Abstract
The Cys2His2 zinc finger (ZF) is the most frequently found sequence-specific DNA-binding domain in eukaryotic proteins. The ZF’s modular protein–DNA interface has also served as a platform for genome engineering applications. Despite decades of intense study, a predictive understanding of the DNA-binding specificities of either natural or engineered ZF domains remains elusive. To help fill this gap, we developed an integrated experimental-computational approach to enrich and recover distinct groups of ZFs that bind common targets. To showcase the power of our approach, we built several large ZF libraries and demonstrated their excellent diversity. As proof of principle, we used one of these ZF libraries to select and recover thousands of ZFs that bind several 3-nt targets of interest. We were then able to computationally cluster these recovered ZFs to reveal several distinct classes of proteins, all recovered from a single selection, to bind the same target. Finally, for each target studied, we confirmed that one or more representative ZFs yield the desired specificity. In sum, the described approach enables comprehensive large-scale selection and characterization of ZF specificities and should be a great aid in furthering our understanding of the ZF domain.
Highlights
The Cys2His2 zinc finger (ZF) is the most common DNAbinding domain found in metazoans [1,2,3]
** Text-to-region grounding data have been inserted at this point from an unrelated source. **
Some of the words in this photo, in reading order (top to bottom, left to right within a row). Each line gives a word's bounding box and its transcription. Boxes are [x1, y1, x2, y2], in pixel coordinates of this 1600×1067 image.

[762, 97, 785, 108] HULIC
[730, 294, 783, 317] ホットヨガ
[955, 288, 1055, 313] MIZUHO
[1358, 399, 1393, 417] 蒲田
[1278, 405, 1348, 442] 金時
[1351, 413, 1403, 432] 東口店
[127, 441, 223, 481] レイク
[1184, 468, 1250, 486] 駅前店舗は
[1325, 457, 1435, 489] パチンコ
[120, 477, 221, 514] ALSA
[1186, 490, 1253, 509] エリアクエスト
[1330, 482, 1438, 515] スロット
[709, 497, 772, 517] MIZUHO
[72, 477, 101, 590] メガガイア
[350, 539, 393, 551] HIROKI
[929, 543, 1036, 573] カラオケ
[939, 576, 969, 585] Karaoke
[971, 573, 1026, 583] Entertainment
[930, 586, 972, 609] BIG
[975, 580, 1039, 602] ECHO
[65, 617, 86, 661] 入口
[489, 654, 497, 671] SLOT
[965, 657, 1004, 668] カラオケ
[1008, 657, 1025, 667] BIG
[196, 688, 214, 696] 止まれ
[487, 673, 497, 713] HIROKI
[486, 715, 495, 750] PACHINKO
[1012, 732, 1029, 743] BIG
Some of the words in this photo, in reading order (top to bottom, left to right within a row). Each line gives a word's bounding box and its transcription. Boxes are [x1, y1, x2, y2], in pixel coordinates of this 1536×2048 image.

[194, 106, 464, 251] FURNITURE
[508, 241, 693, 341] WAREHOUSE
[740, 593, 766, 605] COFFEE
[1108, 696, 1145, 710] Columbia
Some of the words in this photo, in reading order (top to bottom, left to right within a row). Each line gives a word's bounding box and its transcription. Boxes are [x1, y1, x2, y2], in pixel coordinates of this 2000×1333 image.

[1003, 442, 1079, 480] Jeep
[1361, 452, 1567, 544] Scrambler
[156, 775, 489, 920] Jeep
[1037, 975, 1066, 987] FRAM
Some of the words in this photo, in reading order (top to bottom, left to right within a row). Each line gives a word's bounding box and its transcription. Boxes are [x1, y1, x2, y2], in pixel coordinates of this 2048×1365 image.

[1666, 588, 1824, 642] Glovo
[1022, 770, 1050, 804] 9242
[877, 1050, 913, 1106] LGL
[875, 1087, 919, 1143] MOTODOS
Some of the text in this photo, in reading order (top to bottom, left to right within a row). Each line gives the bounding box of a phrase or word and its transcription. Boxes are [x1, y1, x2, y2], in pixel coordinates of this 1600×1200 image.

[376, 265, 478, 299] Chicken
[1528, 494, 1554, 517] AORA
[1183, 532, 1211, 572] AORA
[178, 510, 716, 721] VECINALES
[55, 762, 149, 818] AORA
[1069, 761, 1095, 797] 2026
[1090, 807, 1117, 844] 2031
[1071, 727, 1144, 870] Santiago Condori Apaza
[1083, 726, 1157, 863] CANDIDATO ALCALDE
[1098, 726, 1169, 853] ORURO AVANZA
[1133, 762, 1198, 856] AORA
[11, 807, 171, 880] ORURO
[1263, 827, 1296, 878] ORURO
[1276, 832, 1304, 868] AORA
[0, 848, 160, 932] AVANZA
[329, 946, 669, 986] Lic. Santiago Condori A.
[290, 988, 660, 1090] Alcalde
Zinc finger library builds by polymerase chain reaction (PCR)-driven cassette mutagenesis
We recognized that the routine production of large and diverse ZF libraries could greatly expand the number of known protein–DNA interactions mediated by this domain
Summary
The Cys2His zinc finger (ZF) is the most common DNAbinding domain found in metazoans [1,2,3]. 50% of the transcription factors (TFs) in the human genome are thought to use ZFs to recognize their targets [2,3,4], yet characterization of their DNA-binding specificities has proven difficult. Within these factors, a single ZF domain binds 3–4 bases of DNA, whereas proteins often contain arrays of multiple adjacent ZFs (Figure 1). Modular assembly of ZFs has a high failure rate when challenged to activate a cell-based reporter assay, perhaps due to conflicting preferences in overlap nucleotides, indicating that we do not fully understand the dependencies between neighboring fingers that influence functional assembly [13]. ZF-nucleases and recombinases have enabled fine genome editing and have proven function in many model organisms [17,18,19,20,21,22,23]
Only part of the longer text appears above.